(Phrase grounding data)
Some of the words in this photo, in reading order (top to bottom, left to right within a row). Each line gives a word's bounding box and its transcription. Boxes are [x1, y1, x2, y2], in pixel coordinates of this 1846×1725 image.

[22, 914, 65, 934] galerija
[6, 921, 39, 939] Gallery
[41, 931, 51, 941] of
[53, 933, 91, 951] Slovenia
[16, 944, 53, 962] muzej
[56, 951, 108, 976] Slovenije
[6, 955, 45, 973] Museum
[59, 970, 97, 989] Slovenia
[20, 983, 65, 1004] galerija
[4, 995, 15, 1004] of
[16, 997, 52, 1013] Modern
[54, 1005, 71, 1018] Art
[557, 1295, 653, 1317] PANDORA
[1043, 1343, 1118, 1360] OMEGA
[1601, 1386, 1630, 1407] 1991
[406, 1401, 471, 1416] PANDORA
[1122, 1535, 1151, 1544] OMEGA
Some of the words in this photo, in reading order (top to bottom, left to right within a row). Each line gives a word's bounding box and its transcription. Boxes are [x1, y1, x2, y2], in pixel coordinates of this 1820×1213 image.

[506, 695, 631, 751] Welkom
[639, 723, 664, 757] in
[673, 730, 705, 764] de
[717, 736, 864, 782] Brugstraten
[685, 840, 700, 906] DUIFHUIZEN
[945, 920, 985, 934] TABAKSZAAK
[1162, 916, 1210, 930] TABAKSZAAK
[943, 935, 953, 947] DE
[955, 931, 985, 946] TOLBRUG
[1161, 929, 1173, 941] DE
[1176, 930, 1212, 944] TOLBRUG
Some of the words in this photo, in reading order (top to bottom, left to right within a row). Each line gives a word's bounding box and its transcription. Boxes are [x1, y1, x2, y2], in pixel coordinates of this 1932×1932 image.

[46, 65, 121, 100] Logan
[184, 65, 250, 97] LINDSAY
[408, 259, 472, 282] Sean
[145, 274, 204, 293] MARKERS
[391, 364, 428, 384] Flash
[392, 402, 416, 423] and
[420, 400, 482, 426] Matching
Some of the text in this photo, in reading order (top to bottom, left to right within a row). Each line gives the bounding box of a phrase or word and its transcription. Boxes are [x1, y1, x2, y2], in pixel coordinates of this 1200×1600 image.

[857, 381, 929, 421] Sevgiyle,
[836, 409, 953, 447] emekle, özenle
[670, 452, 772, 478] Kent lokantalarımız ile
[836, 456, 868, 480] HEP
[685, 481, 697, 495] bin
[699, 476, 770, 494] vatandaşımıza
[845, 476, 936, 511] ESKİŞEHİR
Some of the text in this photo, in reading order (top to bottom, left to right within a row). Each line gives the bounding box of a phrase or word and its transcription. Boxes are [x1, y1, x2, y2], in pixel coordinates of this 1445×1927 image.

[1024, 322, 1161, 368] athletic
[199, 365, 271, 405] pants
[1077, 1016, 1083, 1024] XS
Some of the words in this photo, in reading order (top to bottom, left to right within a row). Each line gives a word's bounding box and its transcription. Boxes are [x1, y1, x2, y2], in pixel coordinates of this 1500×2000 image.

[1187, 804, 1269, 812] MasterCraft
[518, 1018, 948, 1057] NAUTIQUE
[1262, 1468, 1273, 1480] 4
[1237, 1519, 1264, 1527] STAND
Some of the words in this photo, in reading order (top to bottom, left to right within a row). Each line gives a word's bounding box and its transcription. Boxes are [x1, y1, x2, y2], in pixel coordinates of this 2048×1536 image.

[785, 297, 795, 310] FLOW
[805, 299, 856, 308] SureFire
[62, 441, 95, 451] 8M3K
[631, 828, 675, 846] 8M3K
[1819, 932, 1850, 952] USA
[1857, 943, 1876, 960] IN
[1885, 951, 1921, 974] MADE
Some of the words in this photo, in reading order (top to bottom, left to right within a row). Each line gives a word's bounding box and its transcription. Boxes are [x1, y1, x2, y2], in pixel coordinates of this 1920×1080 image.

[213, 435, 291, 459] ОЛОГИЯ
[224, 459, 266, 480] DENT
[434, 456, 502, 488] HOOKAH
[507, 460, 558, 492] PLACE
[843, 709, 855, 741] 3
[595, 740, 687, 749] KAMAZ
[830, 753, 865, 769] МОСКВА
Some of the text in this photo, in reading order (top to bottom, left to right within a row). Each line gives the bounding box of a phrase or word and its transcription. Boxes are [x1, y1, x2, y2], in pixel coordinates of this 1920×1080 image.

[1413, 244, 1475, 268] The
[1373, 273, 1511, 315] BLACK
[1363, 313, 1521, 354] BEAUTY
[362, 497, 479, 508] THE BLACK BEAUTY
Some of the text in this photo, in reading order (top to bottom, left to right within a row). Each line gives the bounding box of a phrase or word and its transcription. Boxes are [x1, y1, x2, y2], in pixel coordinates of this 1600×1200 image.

__Your instructions__:
Print every line of the records exactly. Omit nothing.

__The answer__:
Some of the words in this photo, in reading order (top to bottom, left to right within a row). Each line gives a word's bounding box and its transcription. Boxes are [x1, y1, x2, y2], in pixel coordinates of this 1846×1725 image.

[22, 914, 65, 934] galerija
[6, 921, 39, 939] Gallery
[41, 931, 51, 941] of
[53, 933, 91, 951] Slovenia
[16, 944, 53, 962] muzej
[56, 951, 108, 976] Slovenije
[6, 955, 45, 973] Museum
[59, 970, 97, 989] Slovenia
[20, 983, 65, 1004] galerija
[4, 995, 15, 1004] of
[16, 997, 52, 1013] Modern
[54, 1005, 71, 1018] Art
[557, 1295, 653, 1317] PANDORA
[1043, 1343, 1118, 1360] OMEGA
[1601, 1386, 1630, 1407] 1991
[406, 1401, 471, 1416] PANDORA
[1122, 1535, 1151, 1544] OMEGA
Some of the words in this photo, in reading order (top to bottom, left to right within a row). Each line gives a word's bounding box and its transcription. Boxes are [x1, y1, x2, y2], in pixel coordinates of this 1820×1213 image.

[506, 695, 631, 751] Welkom
[639, 723, 664, 757] in
[673, 730, 705, 764] de
[717, 736, 864, 782] Brugstraten
[685, 840, 700, 906] DUIFHUIZEN
[945, 920, 985, 934] TABAKSZAAK
[1162, 916, 1210, 930] TABAKSZAAK
[943, 935, 953, 947] DE
[955, 931, 985, 946] TOLBRUG
[1161, 929, 1173, 941] DE
[1176, 930, 1212, 944] TOLBRUG
Some of the words in this photo, in reading order (top to bottom, left to right within a row). Each line gives a word's bounding box and its transcription. Boxes are [x1, y1, x2, y2], in pixel coordinates of this 1932×1932 image.

[46, 65, 121, 100] Logan
[184, 65, 250, 97] LINDSAY
[408, 259, 472, 282] Sean
[145, 274, 204, 293] MARKERS
[391, 364, 428, 384] Flash
[392, 402, 416, 423] and
[420, 400, 482, 426] Matching
Some of the text in this photo, in reading order (top to bottom, left to right within a row). Each line gives the bounding box of a phrase or word and its transcription. Boxes are [x1, y1, x2, y2], in pixel coordinates of this 1200×1600 image.

[857, 381, 929, 421] Sevgiyle,
[836, 409, 953, 447] emekle, özenle
[670, 452, 772, 478] Kent lokantalarımız ile
[836, 456, 868, 480] HEP
[685, 481, 697, 495] bin
[699, 476, 770, 494] vatandaşımıza
[845, 476, 936, 511] ESKİŞEHİR
Some of the text in this photo, in reading order (top to bottom, left to right within a row). Each line gives the bounding box of a phrase or word and its transcription. Boxes are [x1, y1, x2, y2], in pixel coordinates of this 1445×1927 image.

[1024, 322, 1161, 368] athletic
[199, 365, 271, 405] pants
[1077, 1016, 1083, 1024] XS
Some of the words in this photo, in reading order (top to bottom, left to right within a row). Each line gives a word's bounding box and its transcription. Boxes are [x1, y1, x2, y2], in pixel coordinates of this 1500×2000 image.

[1187, 804, 1269, 812] MasterCraft
[518, 1018, 948, 1057] NAUTIQUE
[1262, 1468, 1273, 1480] 4
[1237, 1519, 1264, 1527] STAND
Some of the words in this photo, in reading order (top to bottom, left to right within a row). Each line gives a word's bounding box and its transcription. Boxes are [x1, y1, x2, y2], in pixel coordinates of this 2048×1536 image.

[785, 297, 795, 310] FLOW
[805, 299, 856, 308] SureFire
[62, 441, 95, 451] 8M3K
[631, 828, 675, 846] 8M3K
[1819, 932, 1850, 952] USA
[1857, 943, 1876, 960] IN
[1885, 951, 1921, 974] MADE
Some of the words in this photo, in reading order (top to bottom, left to right within a row). Each line gives a word's bounding box and its transcription. Boxes are [x1, y1, x2, y2], in pixel coordinates of this 1920×1080 image.

[213, 435, 291, 459] ОЛОГИЯ
[224, 459, 266, 480] DENT
[434, 456, 502, 488] HOOKAH
[507, 460, 558, 492] PLACE
[843, 709, 855, 741] 3
[595, 740, 687, 749] KAMAZ
[830, 753, 865, 769] МОСКВА
Some of the text in this photo, in reading order (top to bottom, left to right within a row). Each line gives the bounding box of a phrase or word and its transcription. Boxes are [x1, y1, x2, y2], in pixel coordinates of this 1920×1080 image.

[1413, 244, 1475, 268] The
[1373, 273, 1511, 315] BLACK
[1363, 313, 1521, 354] BEAUTY
[362, 497, 479, 508] THE BLACK BEAUTY
Some of the text in this photo, in reading order (top to bottom, left to right within a row). Each line gives the bounding box of a phrase or word and its transcription. Boxes are [x1, y1, x2, y2], in pixel coordinates of this 1600×1200 image.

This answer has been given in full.